Kerç Boğazı ve Türkiye

Mensur Akgün

Kerç Boğazı Karadeniz ile Azak Denizini birbirini bağlayan 35 kilometre uzunluğunda, Çanakkale ve İstanbul Boğazlarına kıyasla oldukça geniş bir uluslararası su yolu. Sovyetler Birliği çöktükten sonra geçiş rejimi 2003 yılında Ukrayna ve Rusya arasında bir antlaşmayla kuruldu.

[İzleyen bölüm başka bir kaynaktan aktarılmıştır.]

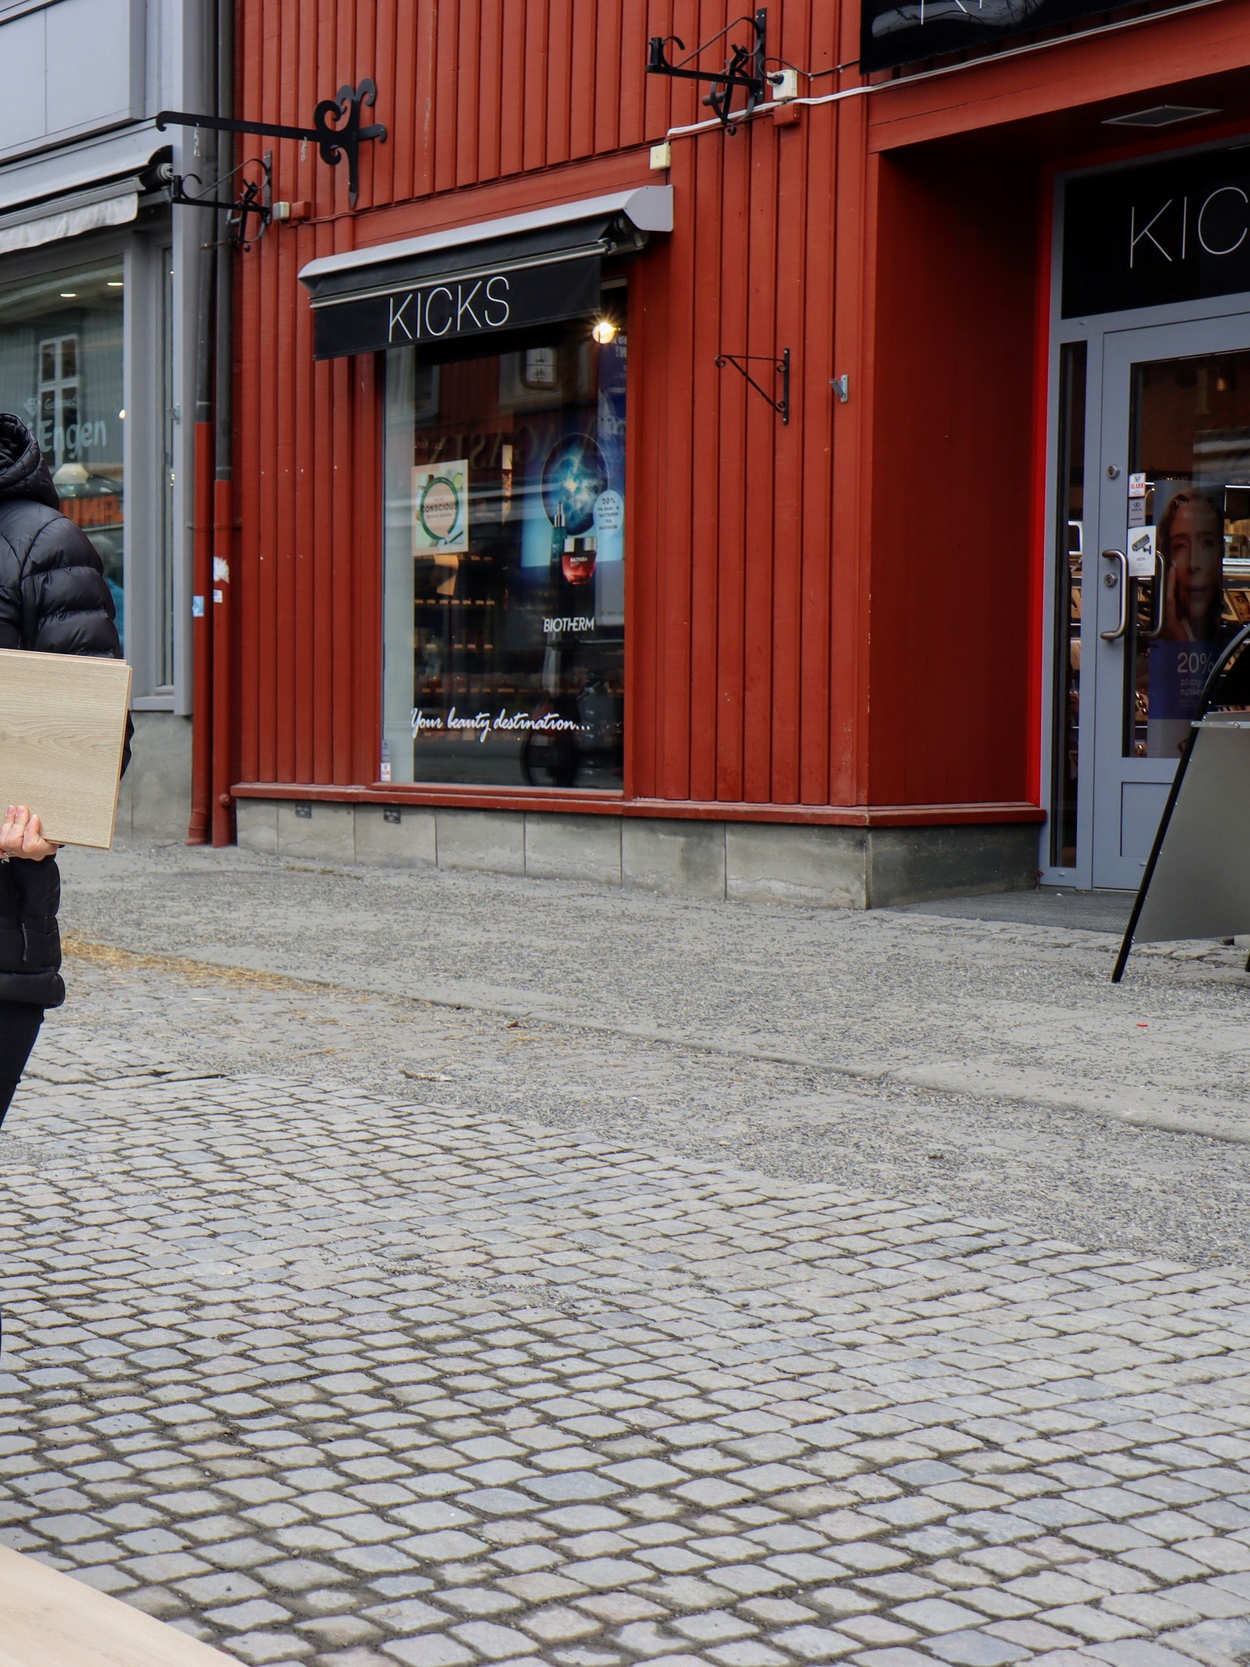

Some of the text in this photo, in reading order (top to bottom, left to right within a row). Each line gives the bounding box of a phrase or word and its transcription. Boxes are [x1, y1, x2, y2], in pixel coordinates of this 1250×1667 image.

[1129, 186, 1249, 268] KIC
[389, 276, 510, 343] KICKS
[37, 420, 106, 459] Engen
[543, 616, 595, 633] BIOTHERM
[410, 707, 443, 739] Your
[447, 706, 492, 743] beauty
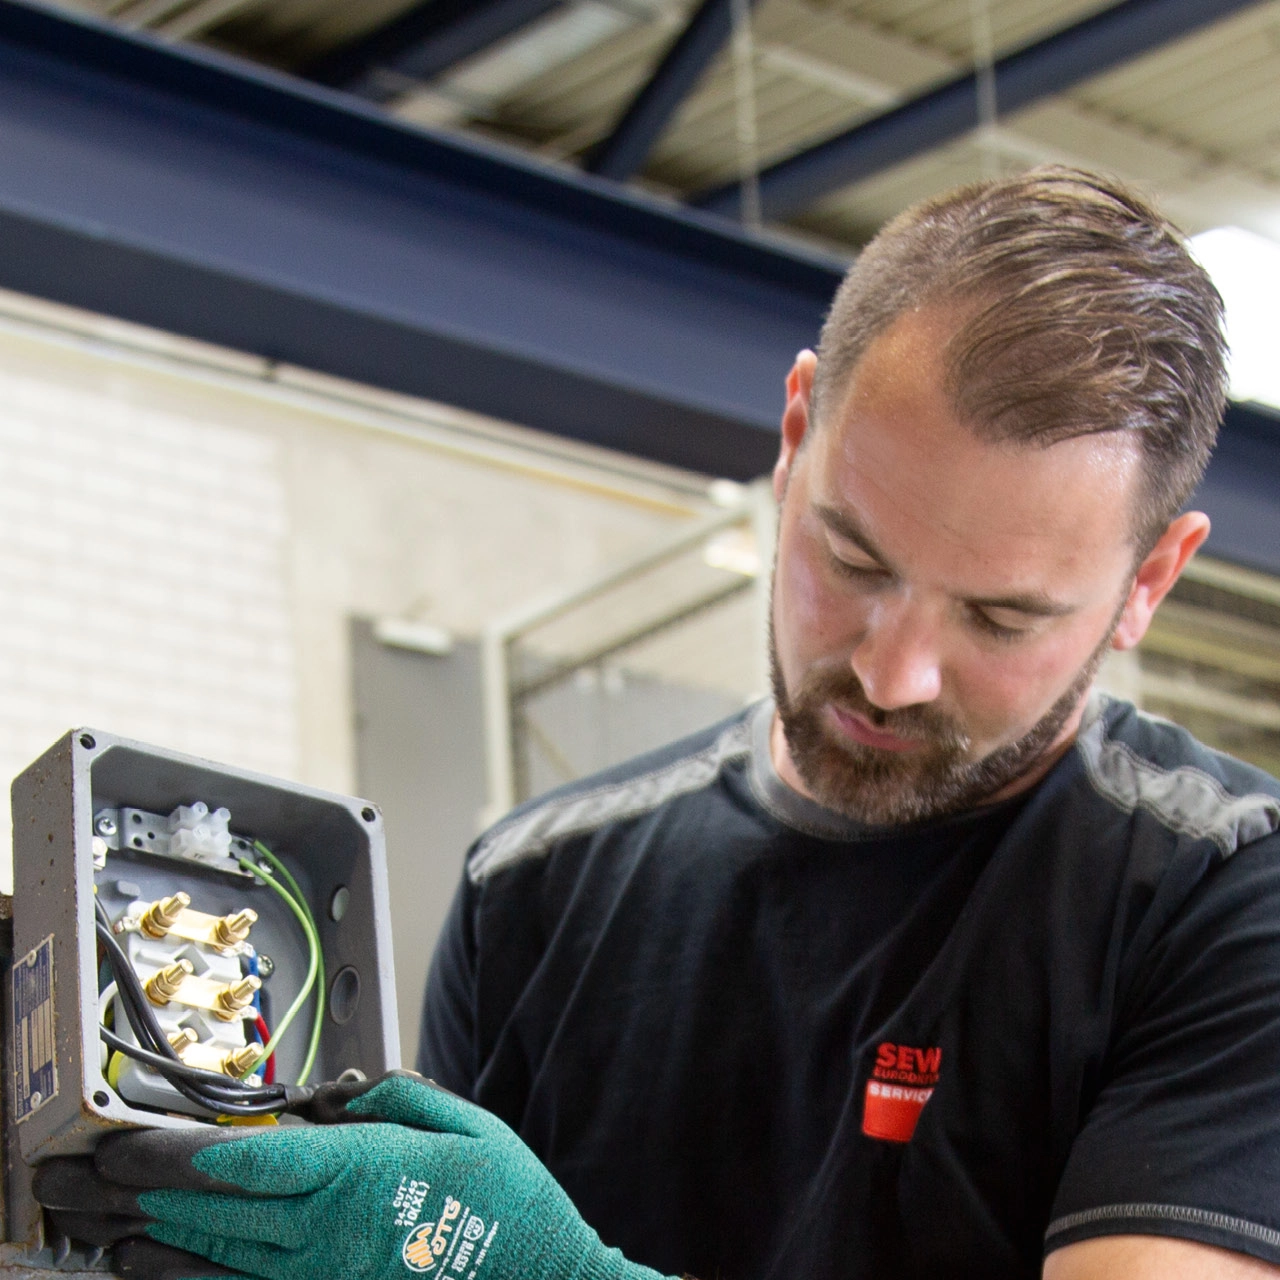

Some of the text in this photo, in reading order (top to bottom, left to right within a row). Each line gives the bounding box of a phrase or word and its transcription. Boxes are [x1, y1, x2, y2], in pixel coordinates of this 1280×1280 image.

Fakat Rusya’nın Kırım’ı ilhakı ve boğazı iki kıyısını birbirine bağlayan köprü yapması rejimin işleyişini zorlaştırdı.

25 Kasım’da Rusya’nın Ukrayna’ya ait iki küçük savaş gemisini ve bir yardımcı geminin karasularına girdiği gerekçesiyle durdurmak istemesi, bu gemilere ateş açması ve mürettebatını gözaltına alması iki ülke arasında zaten var olan sorunların kriz boyutuna taşınmasına, Ukrayna’nın olağanüstü hal ilan etmesine, NATO’nun tepki göstermesine yol açtı. Neyse ki günümüz itibarıyla kriz büyük ölçüde yatışmış görünüyor.

Belli ki bu yüzden iki ülke birbiriyle çatışmayacak, uluslararası barış ve güvenliği tehdit edecek mahiyette bir gerilim yaşanmayacak. Başta ABD olmak üzere soruna taraf olabilecek ülkelerin açıklamalarına ihtiras değil itidal hakim. Rahatsızlık belirliyor, Kiev’i destekleyen açıklamalar yapılıyor. Ama provokatif davranışlardan da kaçınılıyor. Türkiye’nin itidalli tutumunun da övgüye değer olduğunu belirtmek gerek.

***

İki tarafın da kendince haklı gerekçeleri var. İsterseniz taraflardan birinin pozisyonunu benimseyip ona destek olabilirsiniz. Ancak böylesi bir tutum krizin yatışmasından çok tırmanmasına, desteklemediğiniz tarafın sizinle olan ilişkilerinin zarar görmesine yol açar. Hayati çıkarlarınızı doğrudan tehdit etmeyen sorunlara taraf olmamak, Türkiye’nin yaptığı gibi arabuluculuk, kolaylaştırıcılık teklifinde ve teşebbüsünde bulunmak en doğru yaklaşım.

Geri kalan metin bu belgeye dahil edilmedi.